The first, which is reasonable, is that poor people deserve more income. In other words, yes, progressive taxes reduce the economic pie… but it is worth some losses to cut the pie more evenly.
The second– which is deeply flawed but will not be discussed at length here– is that low taxes on the poor will increase demand, and thus drive the economy. In other words, they believe that the Keynesian paradox of thrift– a theory developed to explain recessions– holds even during normal economic periods. In short, the paradox of thrift is a temporary phenomenon, and thus can only serve as a temporary justification of policies.
The third, which is what I’d like to discuss a little and put to rest, is that we need to redistribute income, because if we don’t, poor people will commit crime or foment revolution or somesuch. In other words, if you’re a rich person, and you don’t care about the poor, you should still pay more in taxes, because if you don’t, you’ll get robbed.

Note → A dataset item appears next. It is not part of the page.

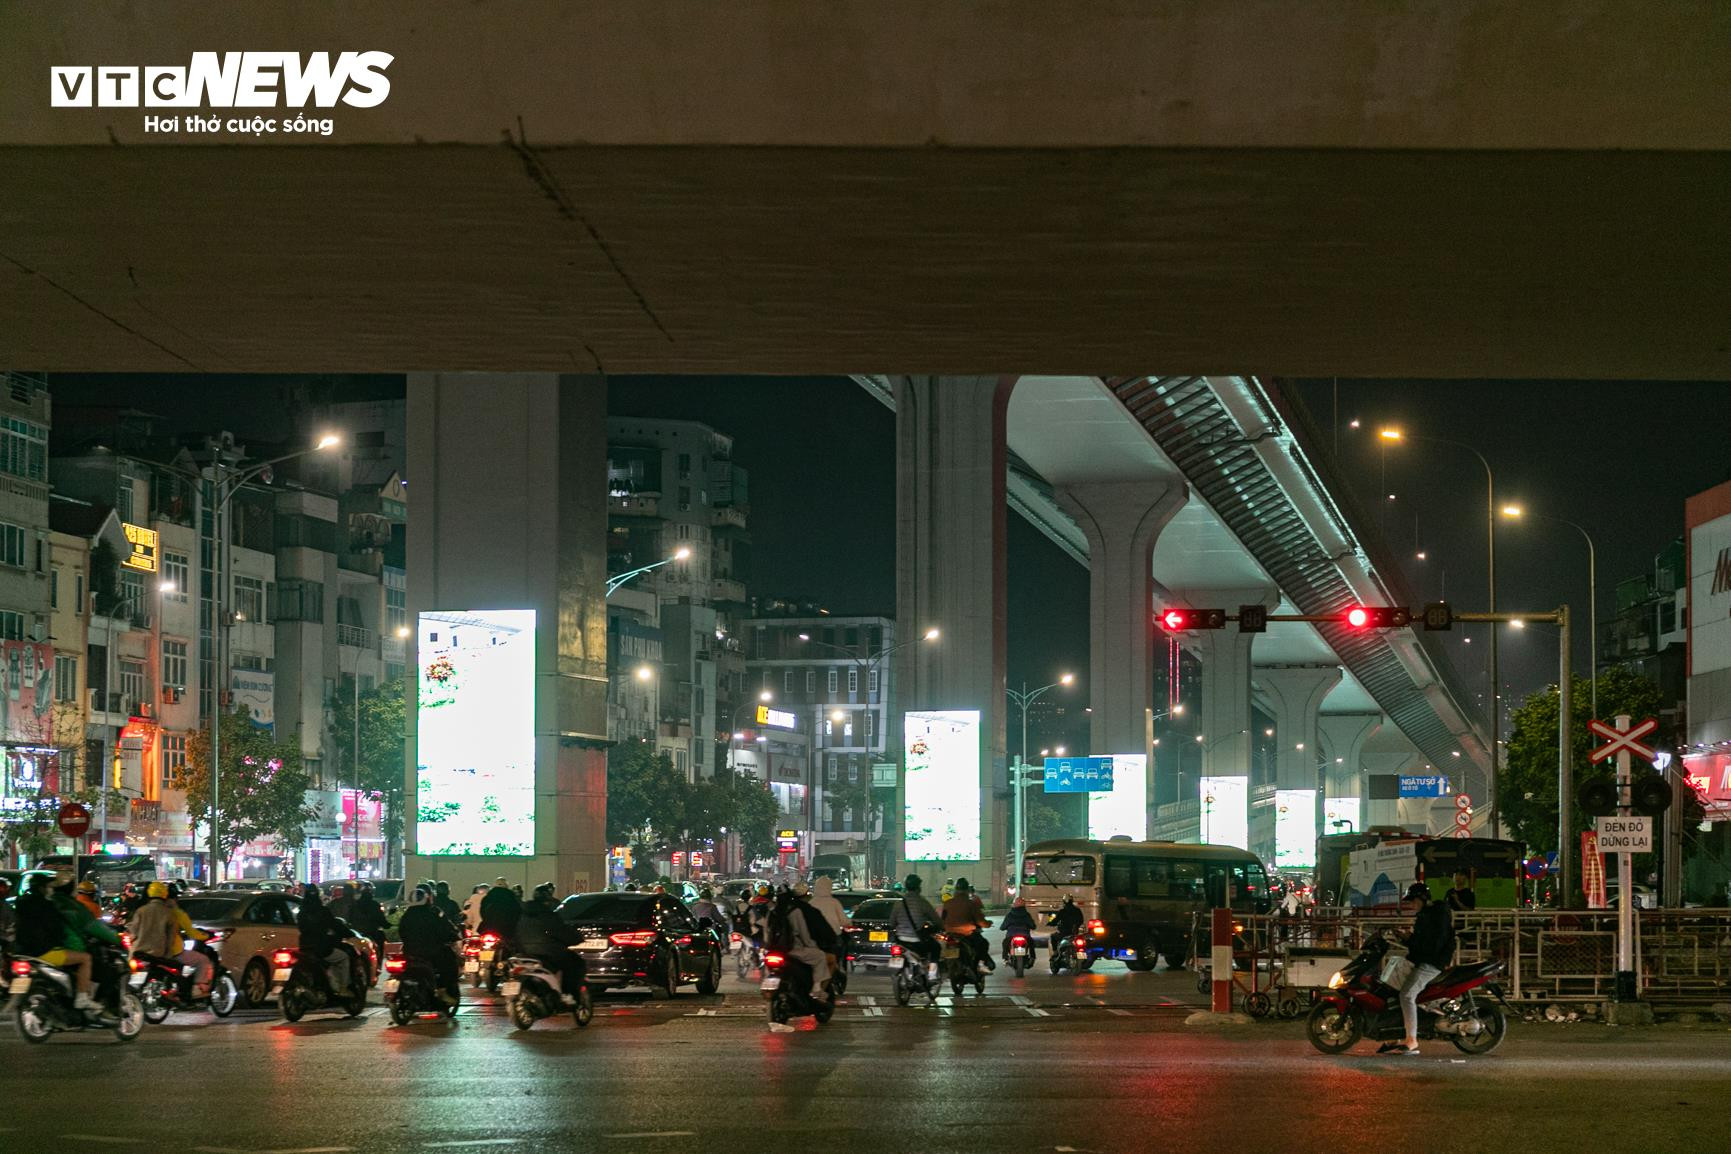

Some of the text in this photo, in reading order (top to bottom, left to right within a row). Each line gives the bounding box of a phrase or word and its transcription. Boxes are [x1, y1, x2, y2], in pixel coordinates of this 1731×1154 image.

[1605, 818, 1644, 832] ĐÈN ĐỎ
[1601, 834, 1648, 848] DỪNG LẠI
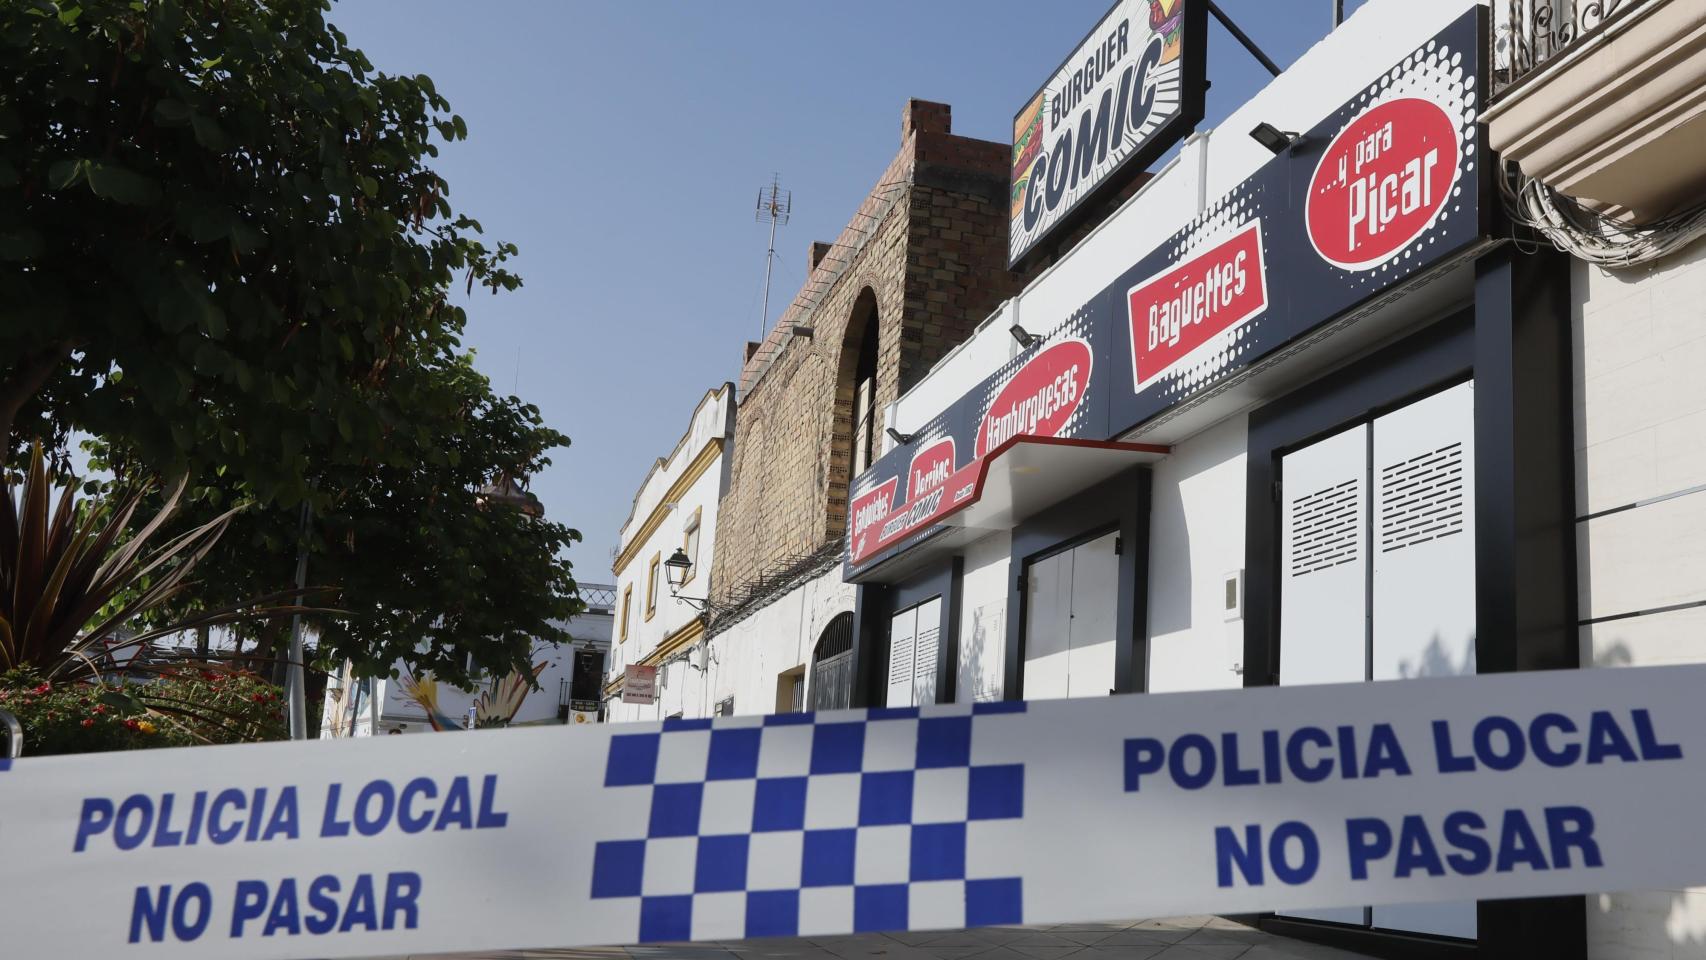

This argument defies comprehension for three reasons.
1) It simply isn’t true.
Here, check for yourself:
Notice something? Income inequality has been steadily rising since about 1970. Over that same period, violent crime has fallen nearly in half. A decade ago it might be possible to cherry pick data and come to the conclusion that income inequality fueled crime, but these days virtually any time series panel regression will show no positive relationship between the two variables.
2) It’s hypocritical.
Every time there is a debate on an issue of national security, liberals tell us that Republicans are the party of fear, that they win elections by scaring voters and trumping up threats. But who are the fear mongers? “You better give money to the poor else they’ll mug you” is a threatening message.
3) It’s poor politics.
If you’re going to convince people that the poor need our support, you’re not going to get very far by painting them as some sort of crime prone extortionists, ready to rob your grandmother if they don’t receive their monthly bribe from the government. That’s exactly the sort of characterization that will compel people to avoid redistributive policies out of spite.
There’s plenty of room for debate on income redistribution. But let’s not pretend that such a policy would be win-win.